Guatemaltecos desalojados se refugian en México

Vía Mov. Migrante Mesoamericano
La comunidad agrícola es acusada de asentamiento ilegal en el área protegida

México, CDMX  13/06/2017.- El pasado viernes 2 de Junio organizaciones civiles de México y Guatemala informaron que cerca de 700 personas de la comunidad de San Andrés en Laguna Larga, Municipio de La Libertad en Petén, Guatemala fueron desplazadas de sus tierras de manera forzada por más de 1500 efectivos de la Policía Nacional Civil (PNC), el Ejército Nacional de Guatemala, la Brigada Especial de Operaciones de Selva (Beos), personal de la División Protección de la Naturaleza (Diprona) y guarda recursos del Consejo Nacional de Áreas Protegidas (CONAP).  Como resultado de ello, las personas desalojadas no tuvieron otro camino posible más que caminar hacia la frontera con México a la altura de Candelaria, Campeche a 7 kilómetros del Ejido El Desengaño.

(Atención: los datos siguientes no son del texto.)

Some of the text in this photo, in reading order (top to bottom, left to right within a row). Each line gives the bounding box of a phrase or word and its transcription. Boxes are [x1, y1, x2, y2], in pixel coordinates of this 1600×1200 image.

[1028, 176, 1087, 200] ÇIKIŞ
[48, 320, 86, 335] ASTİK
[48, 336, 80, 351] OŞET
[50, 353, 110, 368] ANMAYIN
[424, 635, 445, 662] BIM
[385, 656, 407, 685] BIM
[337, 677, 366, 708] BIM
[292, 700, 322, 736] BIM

A través del portal de Movimiento Migrante Mesoamericano, se reportó que entre esas 700 personas se encuentran principalmente, niños, niñas, mujeres y adultos mayores, quienes tras haber recorrido varios kilómetros en plena época de lluvias se encuentran en una situación de emergencia humanitaria y crisis médico- humanitaria. Algunos de los niños y niñas presentan enfermedades gastrointestinales y cutáneas que no han sido atendidas, pues las autoridades federales presentes les impiden acudir al poblado más próximo bajo la amenaza de deportarles.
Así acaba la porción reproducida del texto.